**ENTRIES SUPPLIED:**

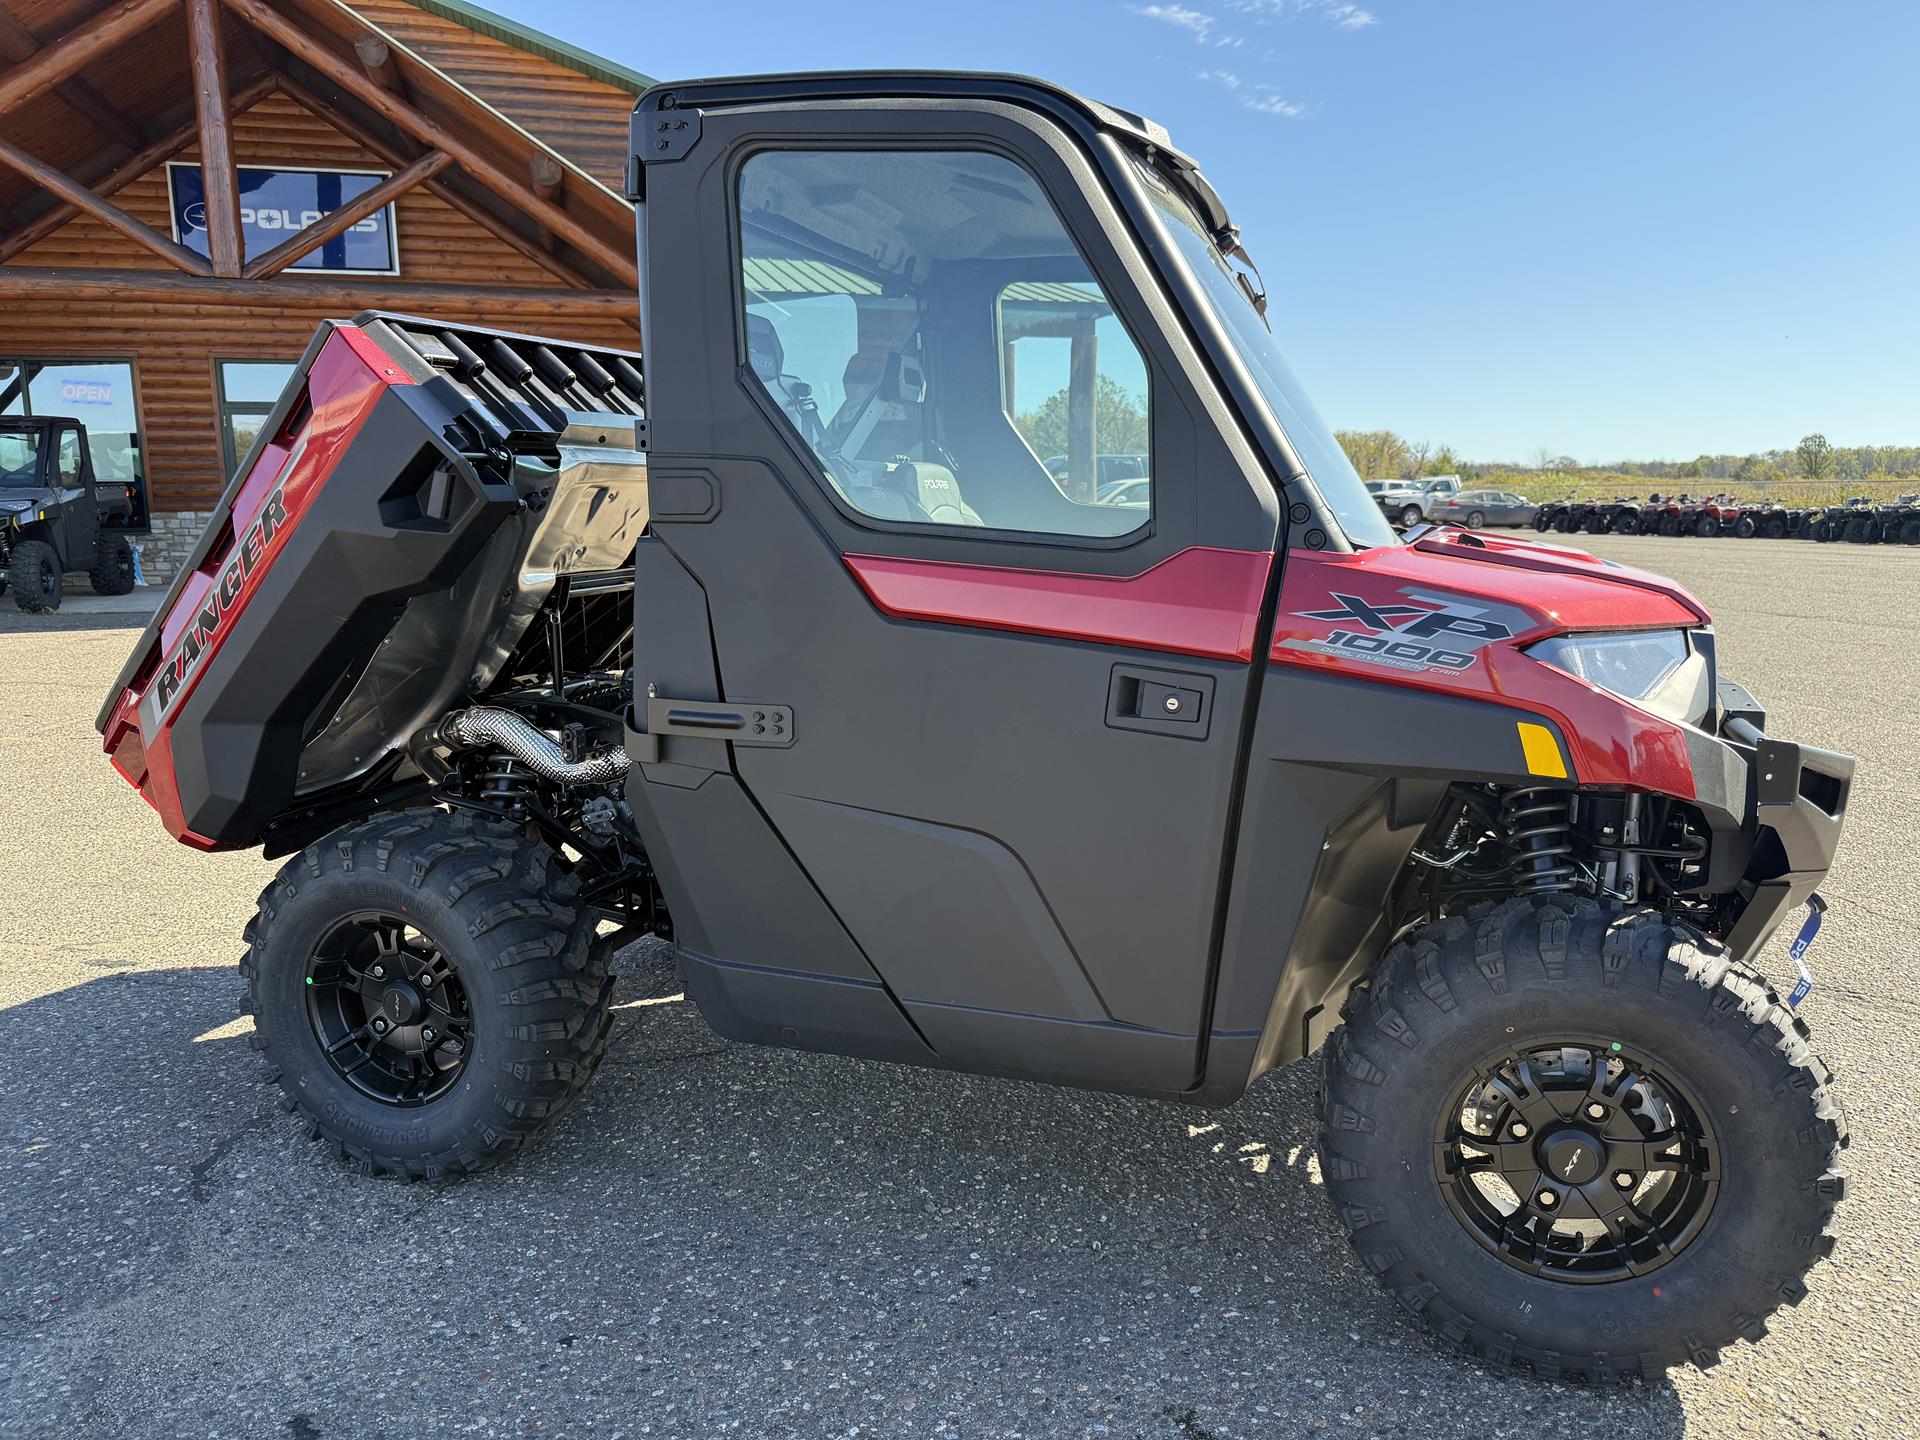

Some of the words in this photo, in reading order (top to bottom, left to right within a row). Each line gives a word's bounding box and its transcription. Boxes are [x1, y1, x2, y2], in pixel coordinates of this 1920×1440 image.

[240, 207, 379, 233] POLAS
[62, 384, 111, 401] OPEN
[154, 487, 288, 714] RANGER
[1288, 591, 1514, 642] XP
[1320, 629, 1477, 671] 1000
[1320, 646, 1354, 657] DUAL
[1356, 653, 1429, 671] OVERHEAD
[1430, 667, 1462, 677] CAM
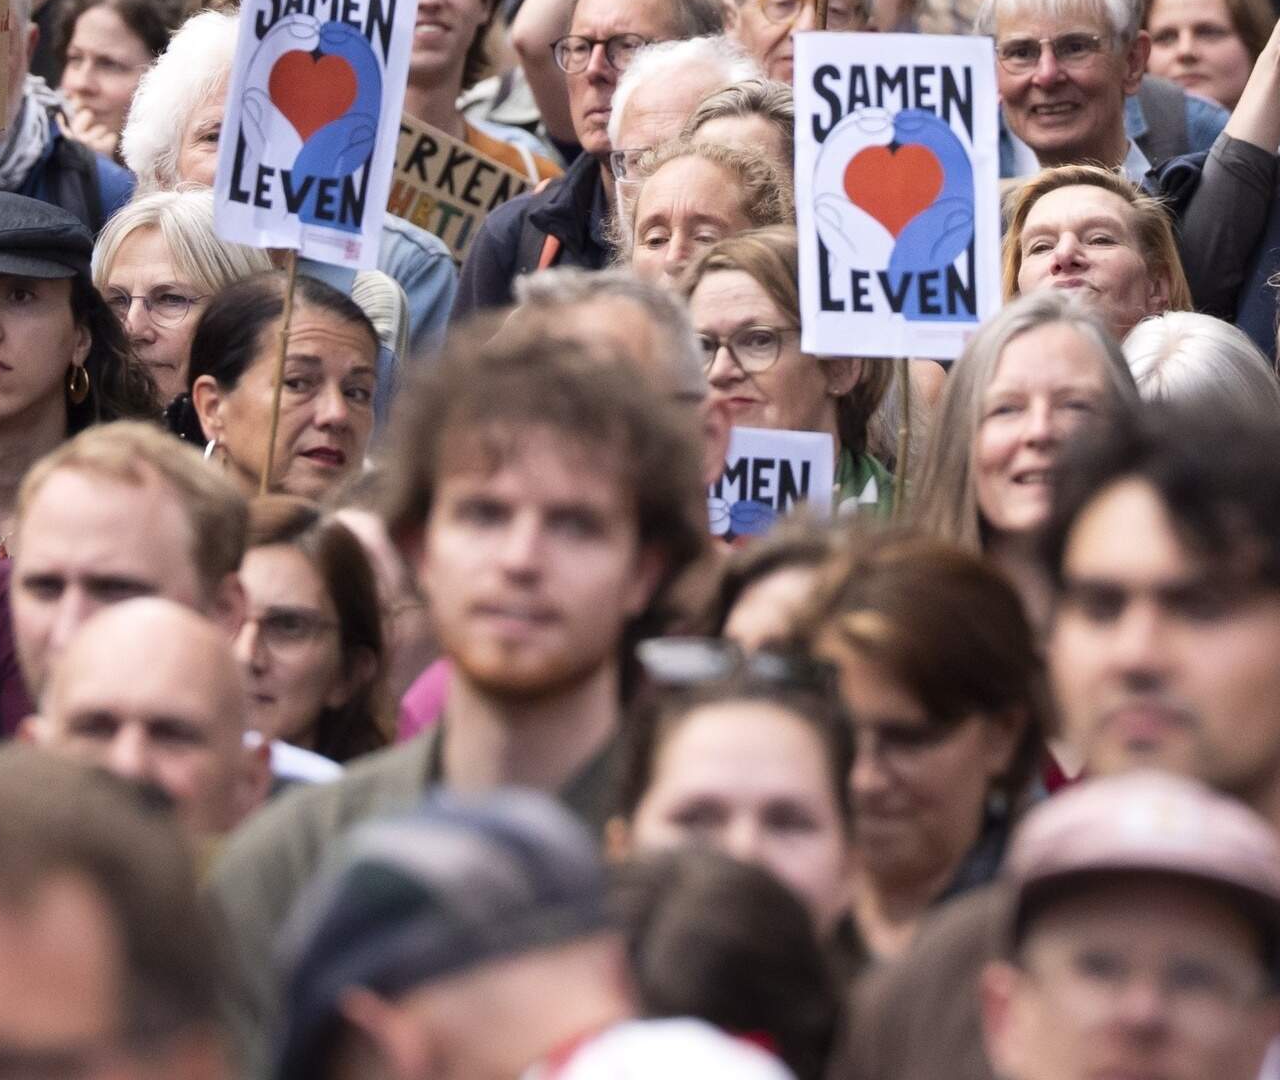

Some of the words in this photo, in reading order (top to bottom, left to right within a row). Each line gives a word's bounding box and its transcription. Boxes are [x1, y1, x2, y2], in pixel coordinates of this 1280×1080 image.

[811, 64, 974, 145] SAMEN
[228, 119, 371, 229] LEVEN
[398, 124, 529, 212] RKEN
[817, 230, 978, 316] LEVEN
[713, 456, 812, 515] MEN
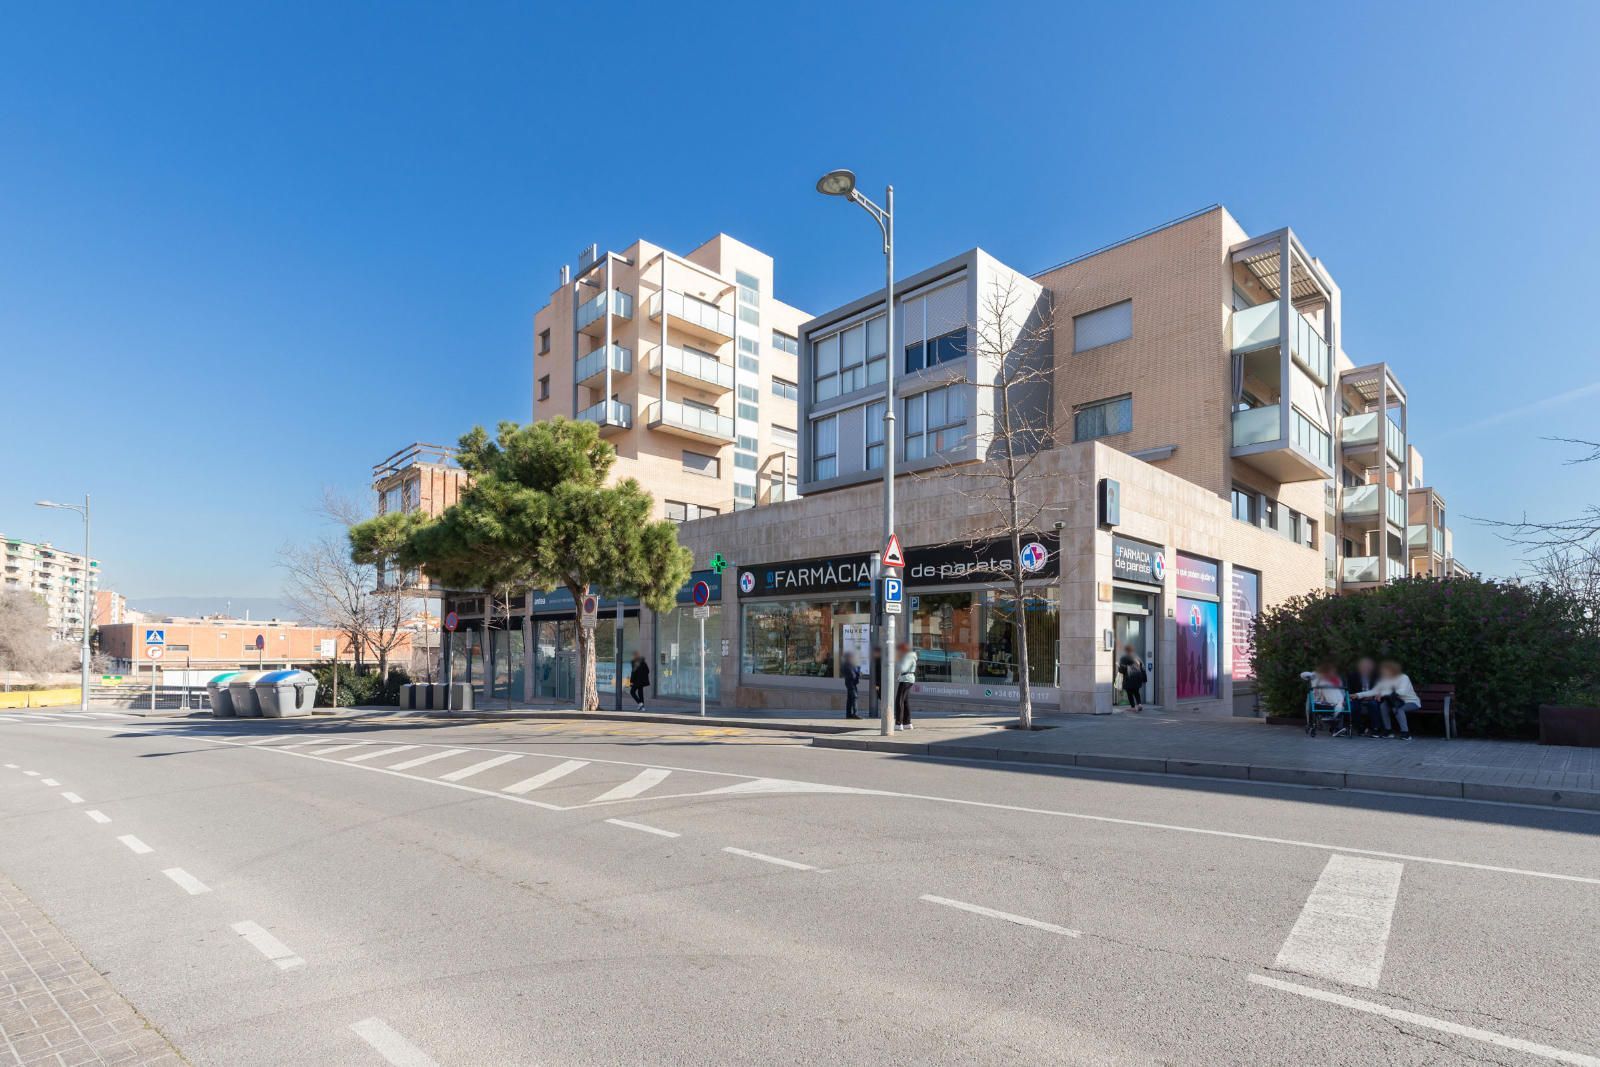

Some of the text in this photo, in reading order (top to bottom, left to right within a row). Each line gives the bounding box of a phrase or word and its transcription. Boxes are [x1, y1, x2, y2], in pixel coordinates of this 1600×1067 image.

[774, 560, 871, 588] FARMÀCIA
[910, 562, 936, 578] de
[940, 556, 1013, 580] parets
[1114, 556, 1126, 569] de
[888, 580, 899, 600] P
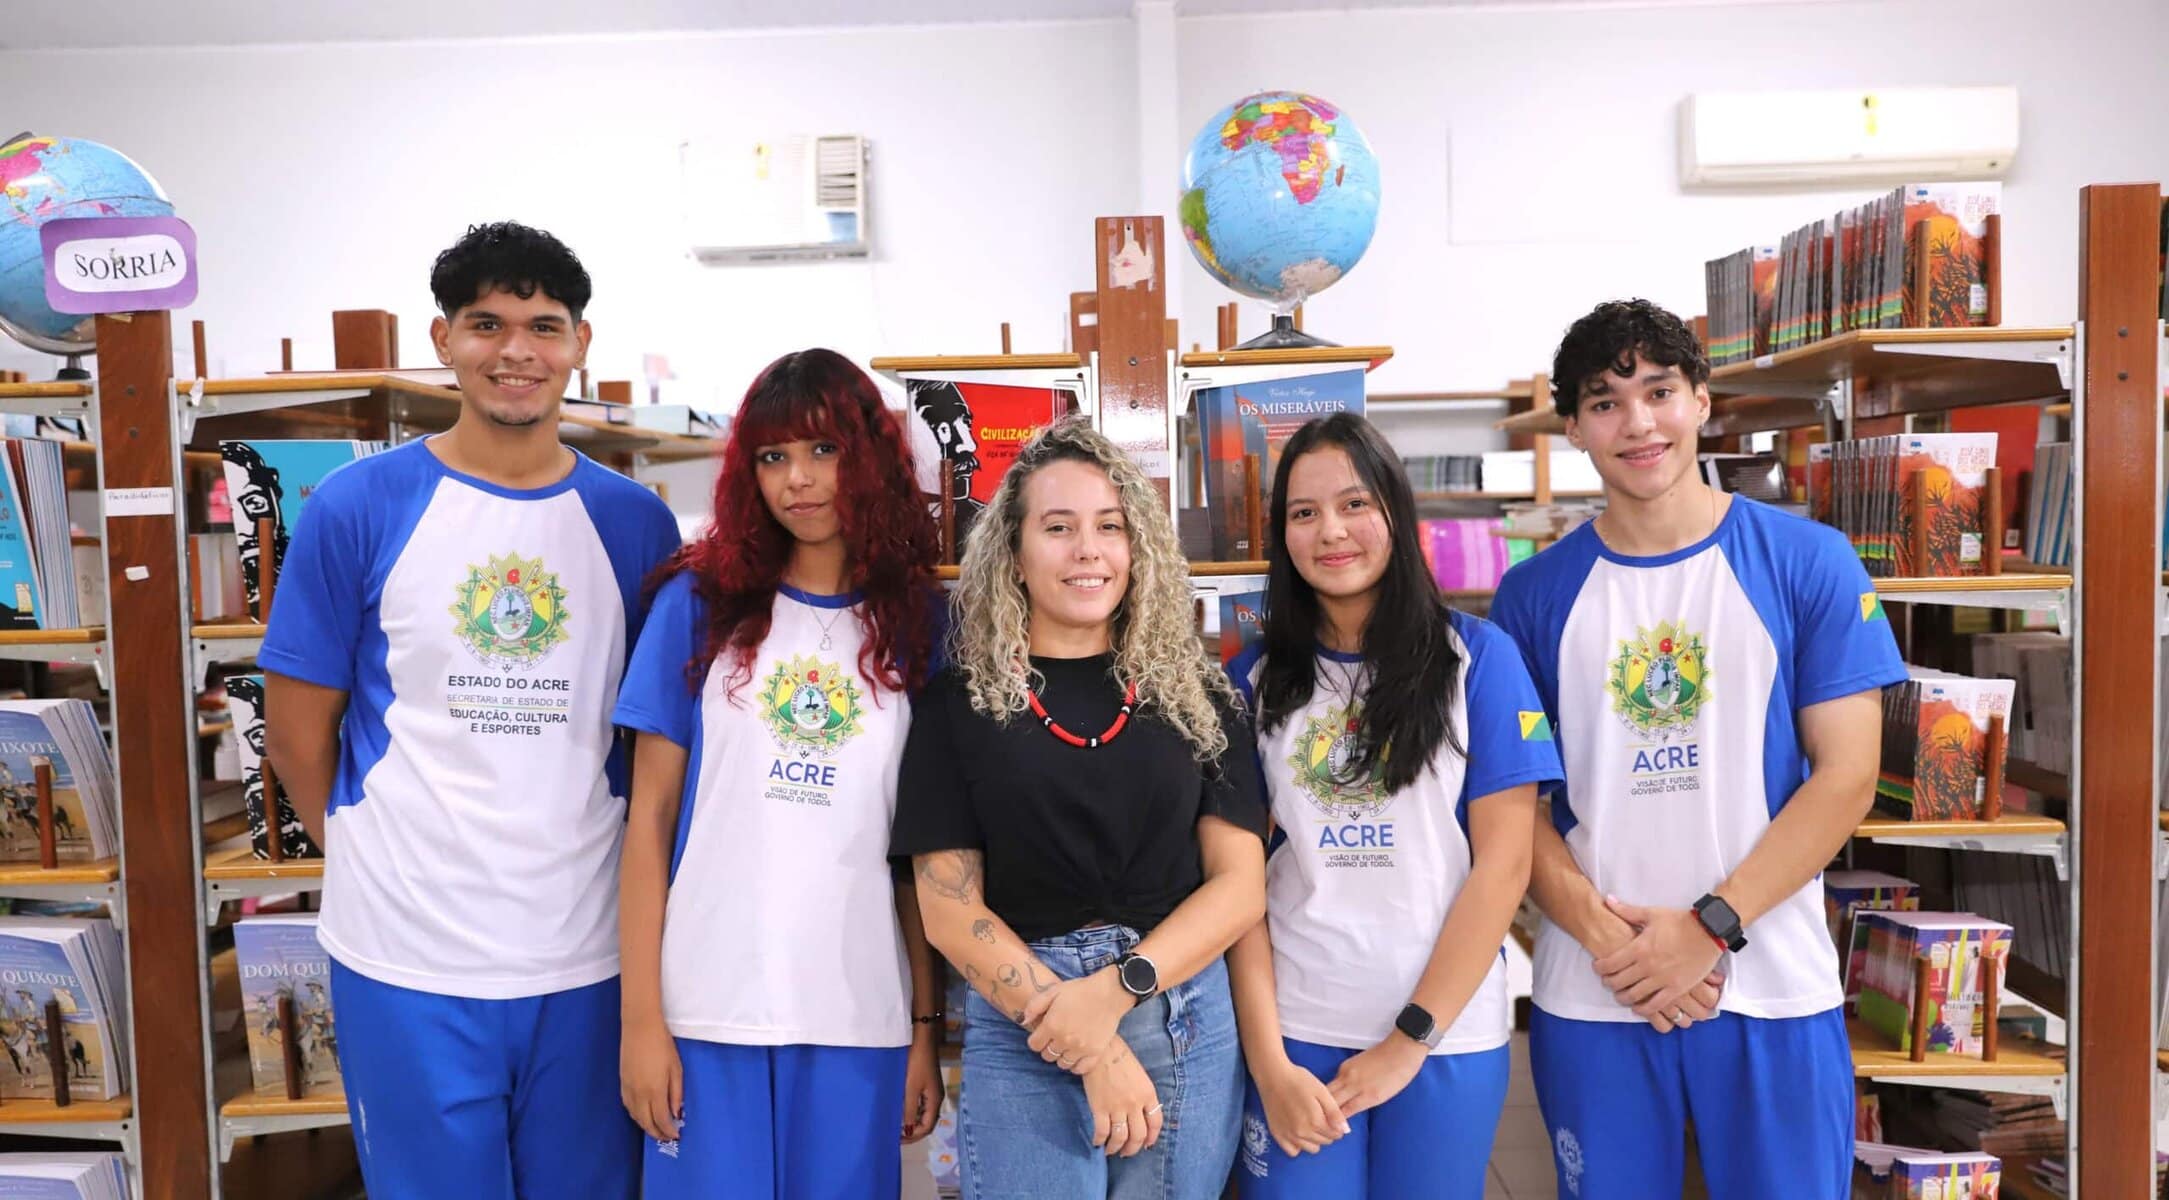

**ABOUT THIS TASK:**
Keep the pictures out and print all the records exactly as they are.

**SOLUTION FOR THIS EXERCISE:**
Some of the words in this photo, in reading order (top to bottom, left to right within a row). Each line gives a word's bounding box and its transcription. Boxes are [x1, y1, x2, y2], in pixel coordinates of this 1920×1440 image.

[240, 207, 379, 233] POLAS
[62, 384, 111, 401] OPEN
[154, 487, 288, 714] RANGER
[1288, 591, 1514, 642] XP
[1320, 629, 1477, 671] 1000
[1320, 646, 1354, 657] DUAL
[1356, 653, 1429, 671] OVERHEAD
[1430, 667, 1462, 677] CAM

Some of the words in this photo, in reading order (top to bottom, left to right within a row). Each line gives a word's bounding box and its transcription. Boxes are [x1, y1, x2, y2], in pixel coordinates of this 1280×1080 image.

[811, 64, 974, 145] SAMEN
[228, 119, 371, 229] LEVEN
[398, 124, 529, 212] RKEN
[817, 230, 978, 316] LEVEN
[713, 456, 812, 515] MEN

Some of the text in this photo, in reading order (top to bottom, left to right within a row). Each line gives the bounding box of a phrase or word and its transcription. Boxes are [x1, y1, x2, y2], in pixel coordinates of this 1600×1067 image.

[774, 560, 871, 588] FARMÀCIA
[910, 562, 936, 578] de
[940, 556, 1013, 580] parets
[1114, 556, 1126, 569] de
[888, 580, 899, 600] P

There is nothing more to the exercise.